Gambar 2.1. Bagian bagian Jembatan Timbang Jembatan timbang terdiri dari beberapa komponen penunjang diantaranya : 1. Indikator timbangan Indikator adalah alat yang digunakan untuk membaca dan mengetahui berat dari mobil/truk yang ditimbang, sama seperti timbangan pada umumnya. Indikator merupakan komponen penting dari sebuah jembatan timbang. 2. Loadcell (sensor) Loadcell atau yang biasa disebut sensor timbangan ialah satu dari bagian jembatan timbang yang letaknya antara pondasi dan konstruksi jembatan timbang. Loadcell umumnya terbuat dari Alloy stell dan Stainless stell, kapasitas loadcell tergantung dari kapasitas jembatan timbang, ada yang 20 / 25/ 30 ton.

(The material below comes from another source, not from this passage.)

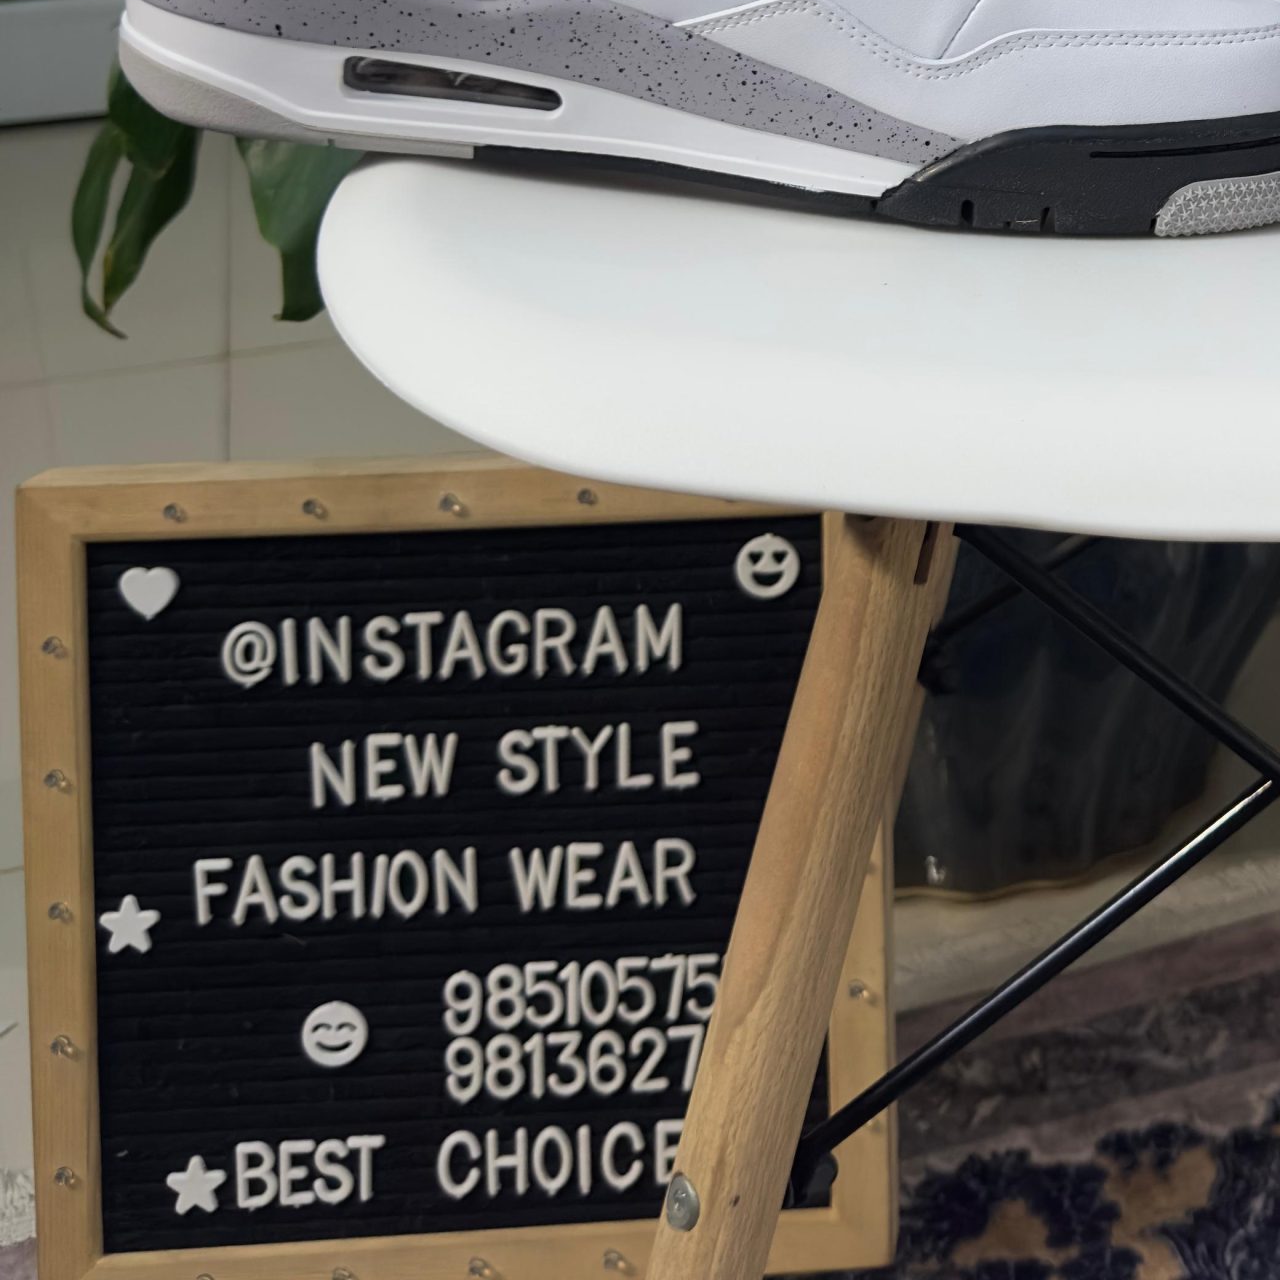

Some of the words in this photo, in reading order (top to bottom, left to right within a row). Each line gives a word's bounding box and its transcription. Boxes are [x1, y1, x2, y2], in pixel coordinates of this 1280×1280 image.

3. Konstruksi timbangan Konstruksi jembatan timbang sedikit berbeda dengan jembatan biasa pada umumnya, karena terbuat dari plat dan besi yang khusus didesain untuk alat timbang dan telah disertifikasi. (Besi WF 500 / 600 / 20 untuk Main Beam and Cross Beam) 4. Pondasi (bisa berupa cakar ayam atau tiang pancang) Pondasi jembatan timbang sama seperti pondasi pada umumnya yang biasanya terbuat dari tiang pancang maupun cor beton, hanya saya pondasi jembatan timbang tatakannya menggunakan base plate yang berfungsi untuk menahan konstruksi dan loadcell. 5. Kamera Kamera yang berfungsi untuk menyimpan data mobil dan material truk maupun mobil yang ditimbang baik nomor kendaraan maupun material truk. 6. Software dan printer Software jembatan timbang fungsinya hampir sama seperti software yang biasanya digunakan untuk parkir kendaraan bermotor, hanya perbedaanya jika software parkir biasa tidak dilengkapi dengan data material maupun berat dari kendaraan yang lewat, jika di software Jembatan Timbang semua data tersebut bisa terekam / tersimpan.

Gambar 2.2. Alur Penimbangan Kendaraan Muatan Keterangan gambar 2.2. Alur penimbangan kendaraan muatan: 1. Kendaraan muatan masuk ke Jembatan Timbang. 2. Penimbangan kendaraan muatan pada loadcell. 3. Kendaraan berhenti dan sopir angkutan menyerahkan surat ijin melintas. 4. Kendaraan muatan keluar dari Jembatan Timbang.